Exercise:
Please print the data that follows, keeping every line exact.

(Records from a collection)
+ + + +
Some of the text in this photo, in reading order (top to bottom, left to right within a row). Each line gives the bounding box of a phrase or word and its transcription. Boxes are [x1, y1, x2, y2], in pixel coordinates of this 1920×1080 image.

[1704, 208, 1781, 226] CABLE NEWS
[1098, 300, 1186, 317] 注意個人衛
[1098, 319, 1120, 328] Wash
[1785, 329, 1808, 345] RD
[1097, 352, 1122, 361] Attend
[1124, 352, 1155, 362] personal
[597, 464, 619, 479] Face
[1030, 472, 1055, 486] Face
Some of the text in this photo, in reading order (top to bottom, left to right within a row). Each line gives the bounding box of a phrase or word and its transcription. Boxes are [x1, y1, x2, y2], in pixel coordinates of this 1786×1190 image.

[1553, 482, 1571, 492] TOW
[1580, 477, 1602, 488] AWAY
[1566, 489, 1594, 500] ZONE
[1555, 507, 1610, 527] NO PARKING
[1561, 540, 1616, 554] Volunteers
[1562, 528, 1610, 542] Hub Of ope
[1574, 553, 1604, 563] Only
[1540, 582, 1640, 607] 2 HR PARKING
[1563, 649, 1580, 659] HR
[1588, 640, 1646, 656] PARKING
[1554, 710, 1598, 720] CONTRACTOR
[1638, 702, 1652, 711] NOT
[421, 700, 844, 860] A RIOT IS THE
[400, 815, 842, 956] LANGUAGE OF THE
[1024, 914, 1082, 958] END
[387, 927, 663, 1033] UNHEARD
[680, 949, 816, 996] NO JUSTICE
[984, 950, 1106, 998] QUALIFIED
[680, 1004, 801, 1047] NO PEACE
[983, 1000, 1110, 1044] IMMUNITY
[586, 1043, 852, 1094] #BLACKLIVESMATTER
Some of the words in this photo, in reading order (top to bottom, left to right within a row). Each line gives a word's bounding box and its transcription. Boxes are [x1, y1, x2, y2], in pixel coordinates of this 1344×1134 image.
+ + + +
Exercise result:
Some of the text in this photo, in reading order (top to bottom, left to right within a row). Each line gives the bounding box of a phrase or word and its transcription. Boxes are [x1, y1, x2, y2], in pixel coordinates of this 1920×1080 image.

[1704, 208, 1781, 226] CABLE NEWS
[1098, 300, 1186, 317] 注意個人衛
[1098, 319, 1120, 328] Wash
[1785, 329, 1808, 345] RD
[1097, 352, 1122, 361] Attend
[1124, 352, 1155, 362] personal
[597, 464, 619, 479] Face
[1030, 472, 1055, 486] Face
Some of the text in this photo, in reading order (top to bottom, left to right within a row). Each line gives the bounding box of a phrase or word and its transcription. Boxes are [x1, y1, x2, y2], in pixel coordinates of this 1786×1190 image.

[1553, 482, 1571, 492] TOW
[1580, 477, 1602, 488] AWAY
[1566, 489, 1594, 500] ZONE
[1555, 507, 1610, 527] NO PARKING
[1561, 540, 1616, 554] Volunteers
[1562, 528, 1610, 542] Hub Of ope
[1574, 553, 1604, 563] Only
[1540, 582, 1640, 607] 2 HR PARKING
[1563, 649, 1580, 659] HR
[1588, 640, 1646, 656] PARKING
[1554, 710, 1598, 720] CONTRACTOR
[1638, 702, 1652, 711] NOT
[421, 700, 844, 860] A RIOT IS THE
[400, 815, 842, 956] LANGUAGE OF THE
[1024, 914, 1082, 958] END
[387, 927, 663, 1033] UNHEARD
[680, 949, 816, 996] NO JUSTICE
[984, 950, 1106, 998] QUALIFIED
[680, 1004, 801, 1047] NO PEACE
[983, 1000, 1110, 1044] IMMUNITY
[586, 1043, 852, 1094] #BLACKLIVESMATTER
Some of the words in this photo, in reading order (top to bottom, left to right within a row). Each line gives a word's bounding box and its transcription. Boxes are [x1, y1, x2, y2], in pixel coordinates of this 1344×1134 image.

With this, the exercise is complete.